Start of Excerpted records
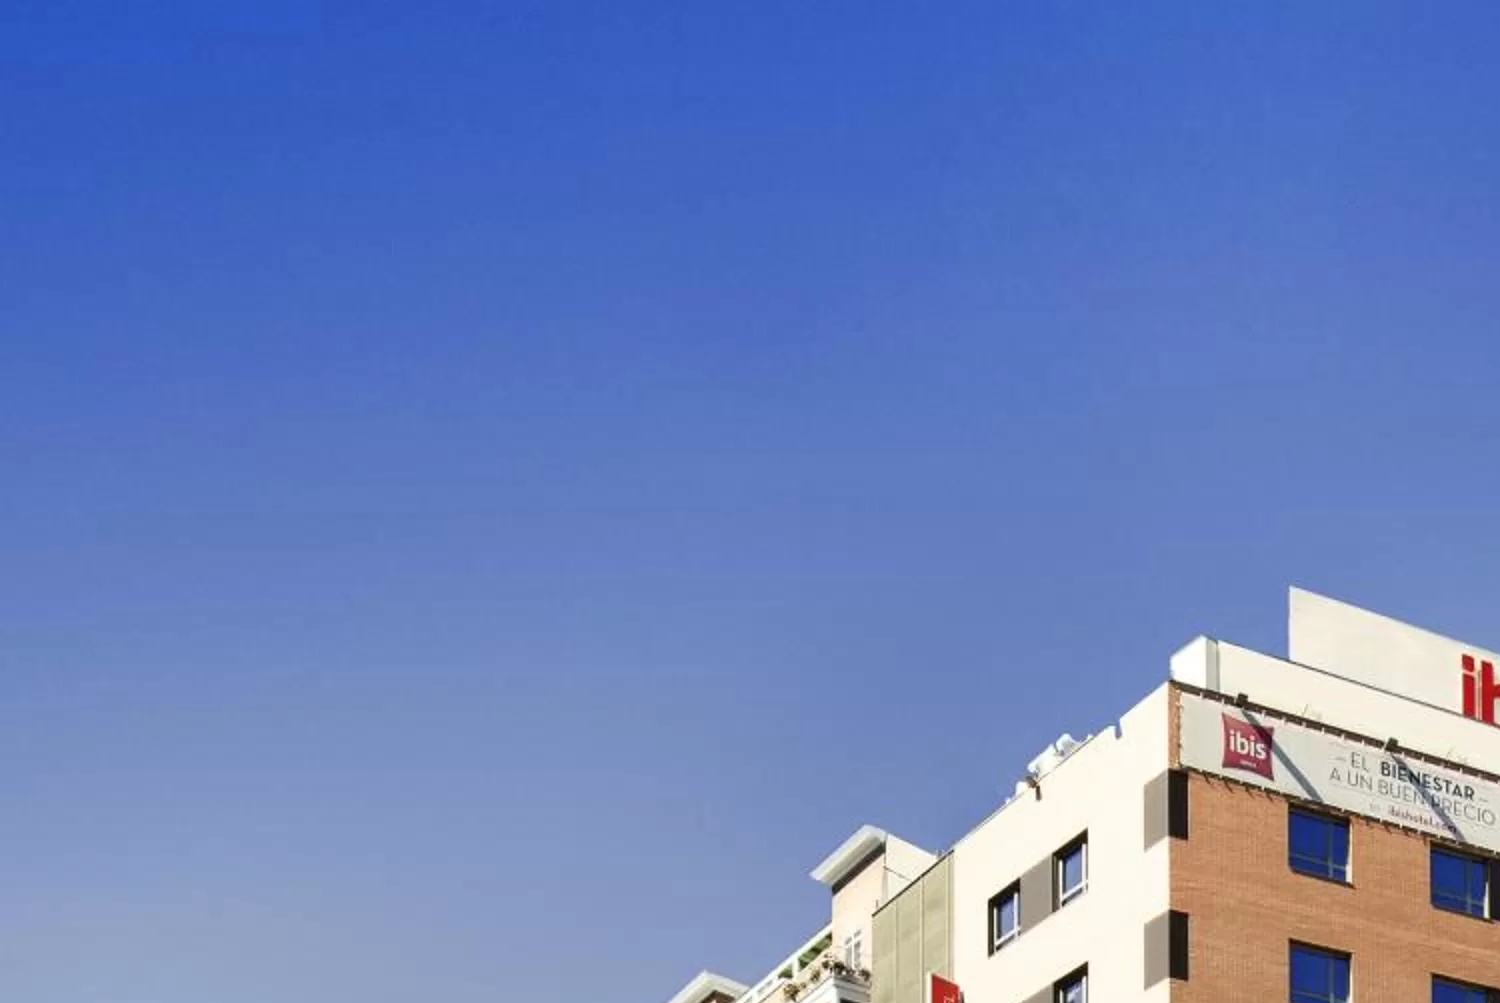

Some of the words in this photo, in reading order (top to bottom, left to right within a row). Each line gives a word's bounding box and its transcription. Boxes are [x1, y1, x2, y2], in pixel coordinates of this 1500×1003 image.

[1229, 729, 1267, 760] ibis
[1329, 767, 1341, 782] A
[1347, 771, 1374, 792] UN
[1378, 780, 1427, 805] BUEN
[1431, 792, 1497, 827] PRECIO
[1350, 751, 1370, 773] EL
[1381, 761, 1475, 801] BIENESTAR
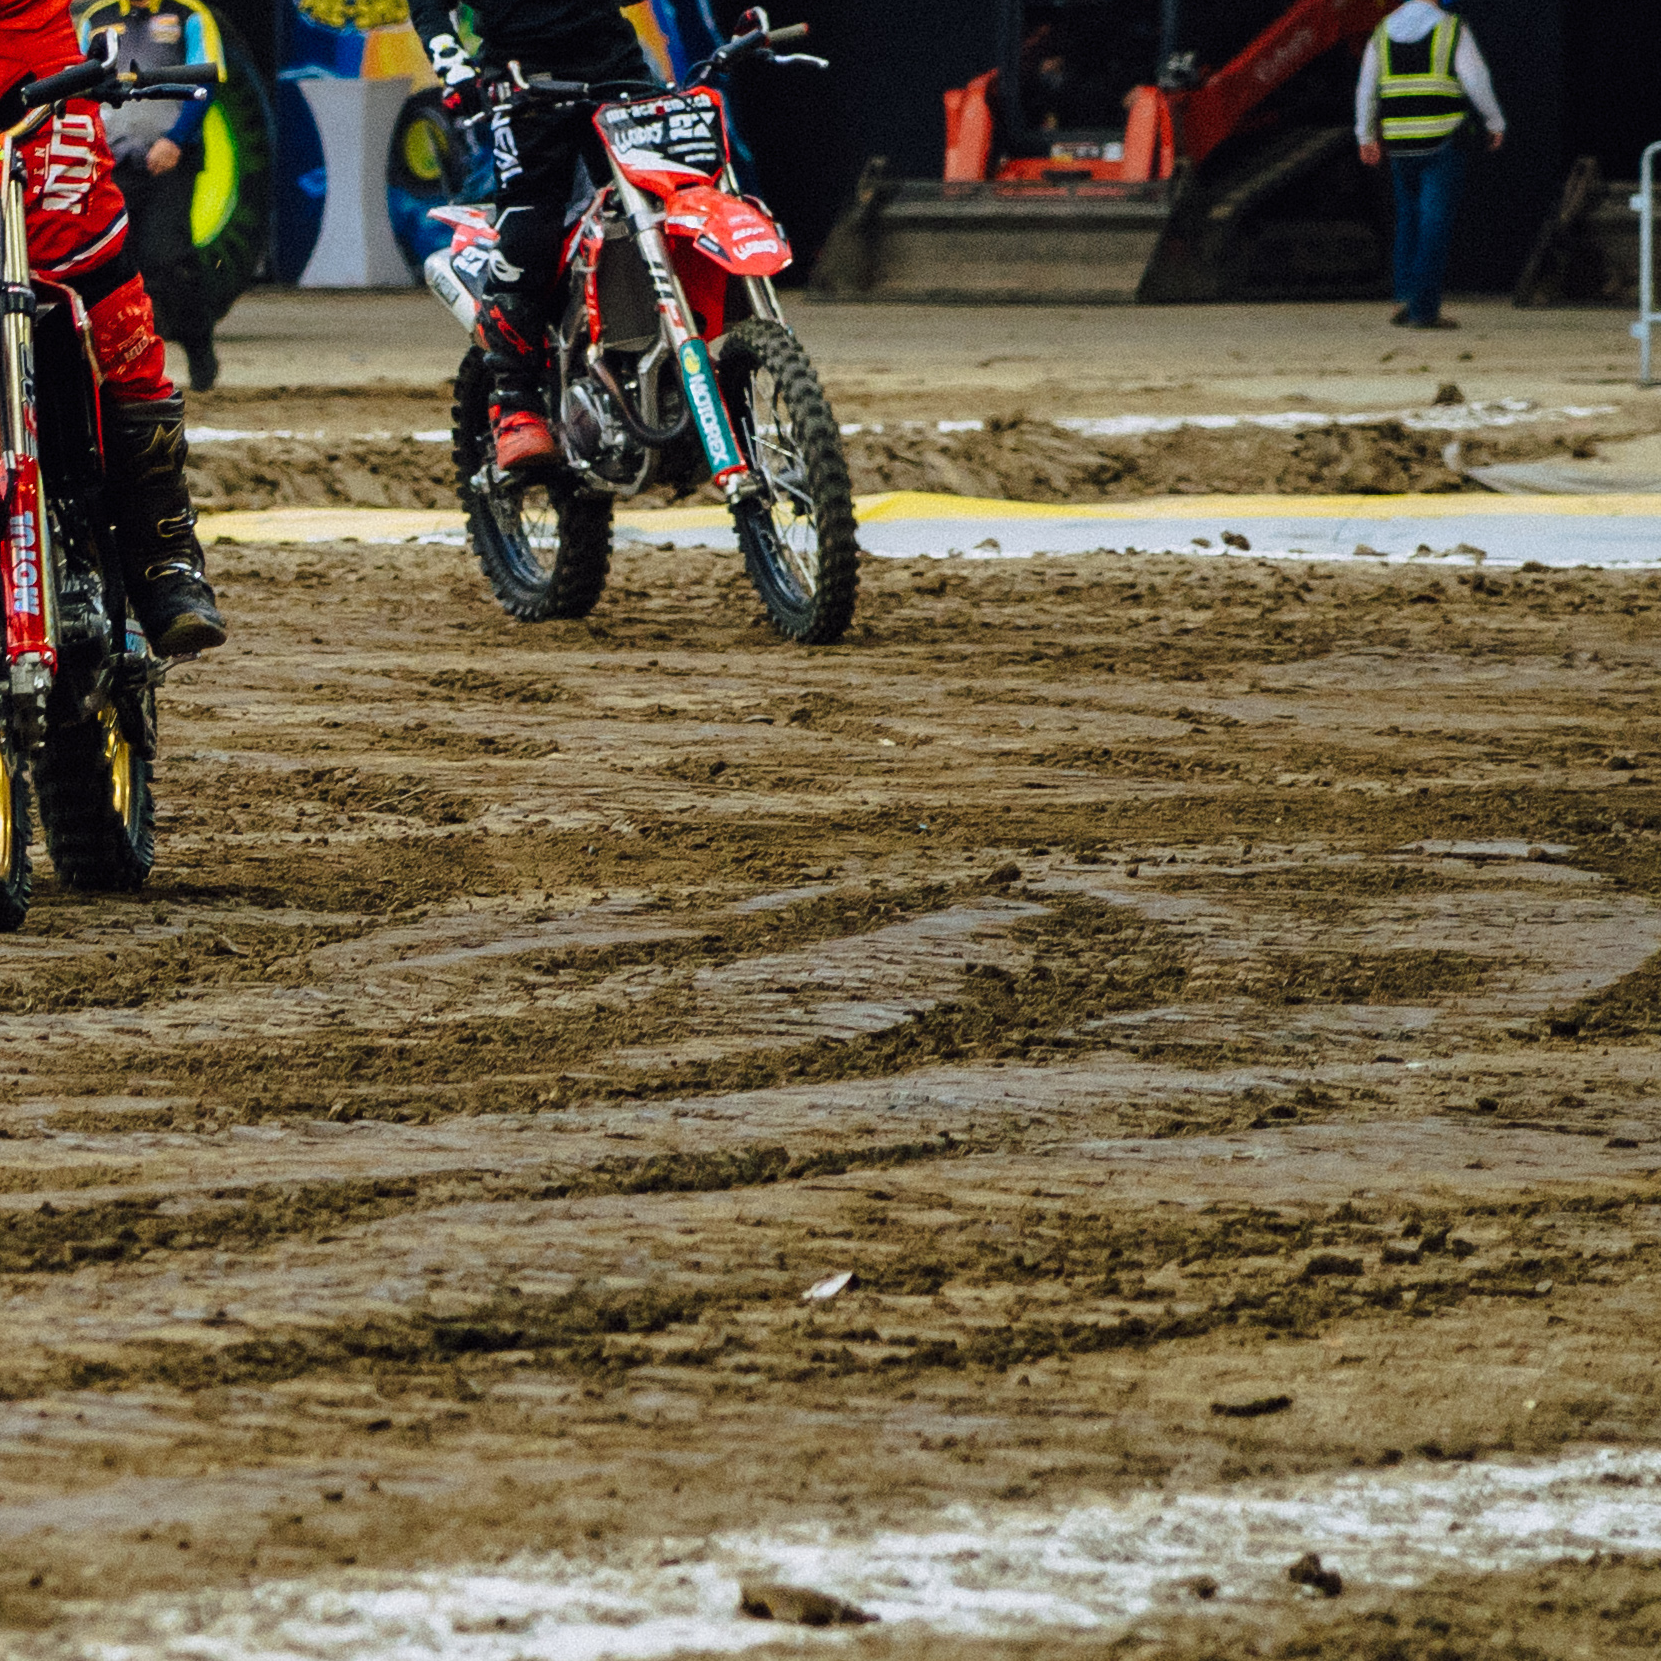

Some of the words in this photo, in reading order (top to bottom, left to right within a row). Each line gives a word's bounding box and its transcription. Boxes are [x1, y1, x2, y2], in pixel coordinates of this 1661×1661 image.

[41, 113, 96, 215] MUD
[689, 373, 730, 465] MOTOREX
[9, 511, 40, 616] MOTUL
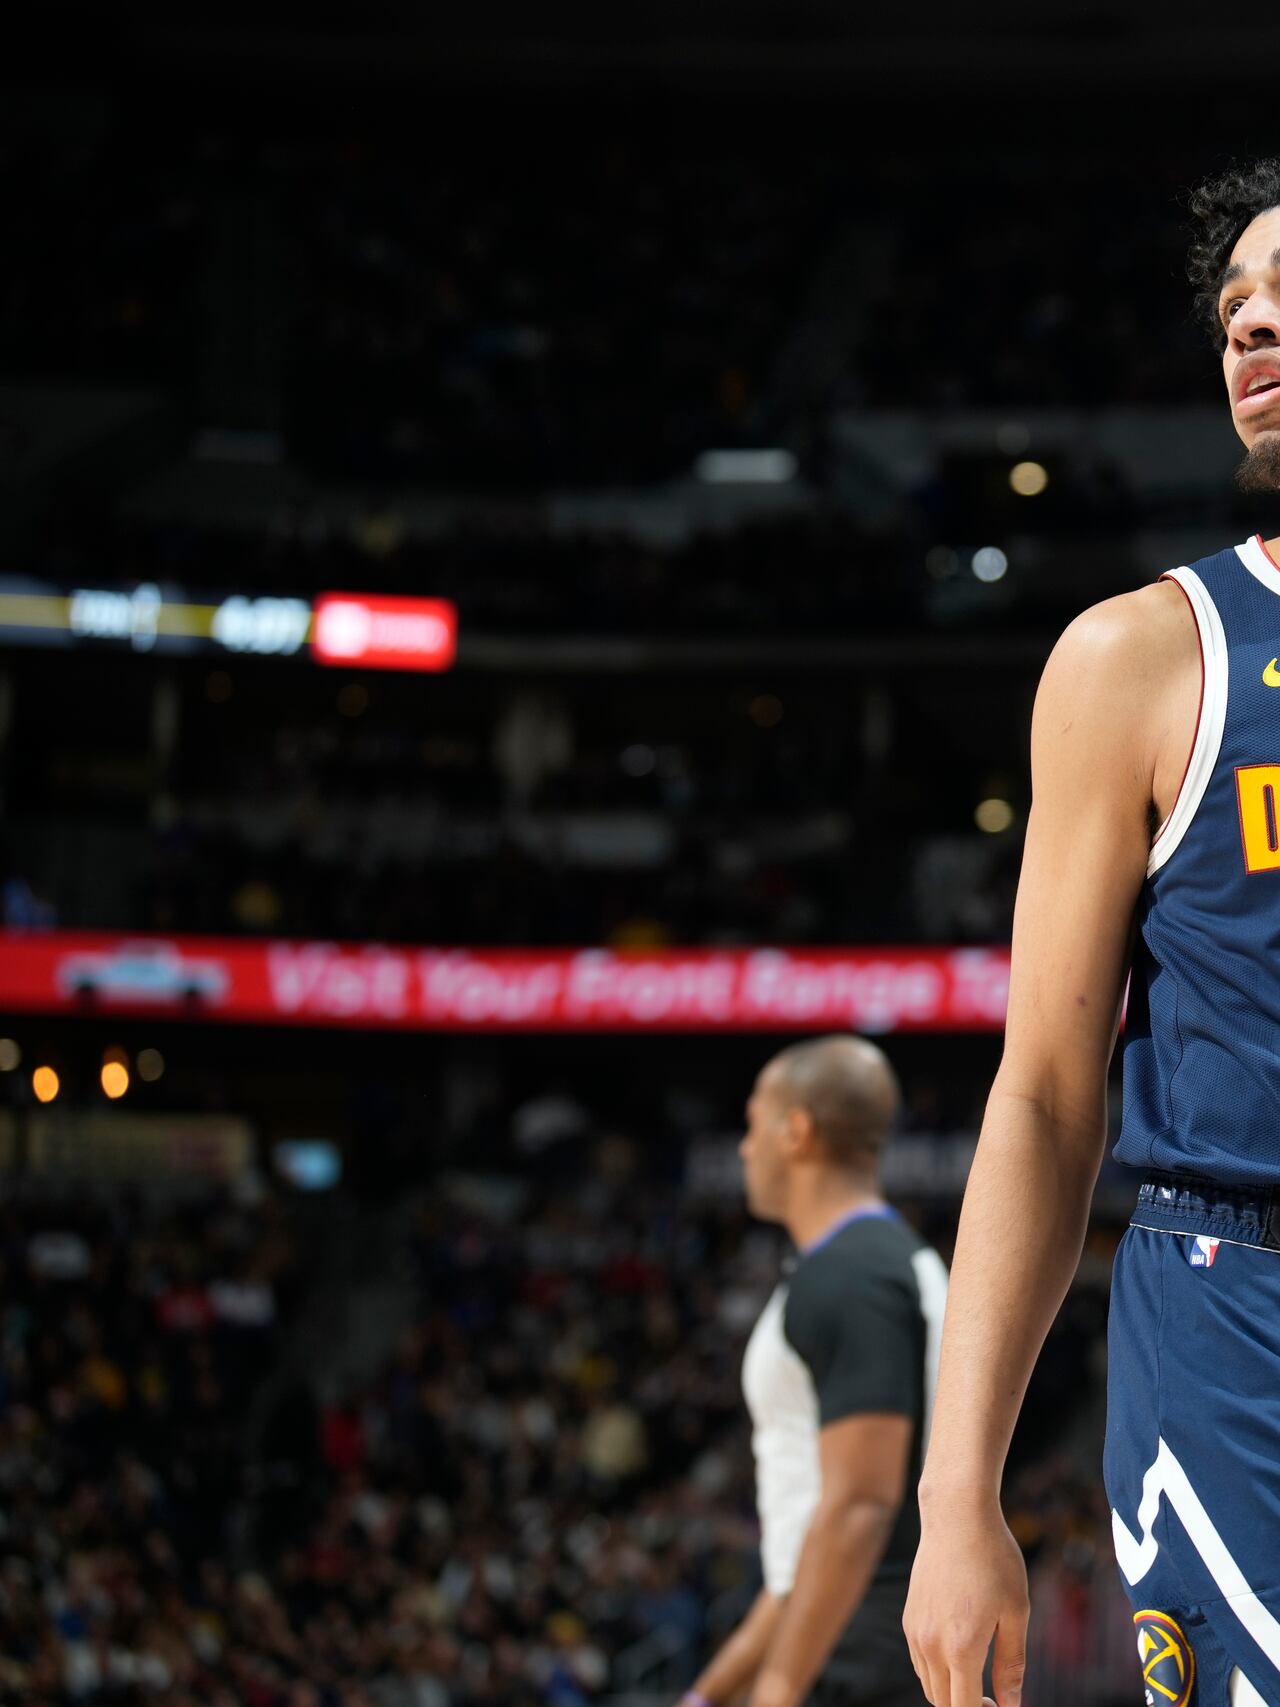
End of Excerpted records
What needs to be done: Your reply should be the entries above, repeated exactly and free of pictures.

Task answer:
Some of the words in this photo, in reading order (top to bottom, left to right within a row). Each line gives a word's bounding box and its transcription. Boxes are [x1, y1, x2, y2], in pixel coordinates of this 1500×1003 image.

[1229, 729, 1267, 760] ibis
[1329, 767, 1341, 782] A
[1347, 771, 1374, 792] UN
[1378, 780, 1427, 805] BUEN
[1431, 792, 1497, 827] PRECIO
[1350, 751, 1370, 773] EL
[1381, 761, 1475, 801] BIENESTAR

Some of the words in this photo, in reading order (top to bottom, left to right within a row). Each line gives a word's bounding box and its transcription. Boxes are [x1, y1, x2, y2], in pixel coordinates of this 1661×1661 image.

[41, 113, 96, 215] MUD
[689, 373, 730, 465] MOTOREX
[9, 511, 40, 616] MOTUL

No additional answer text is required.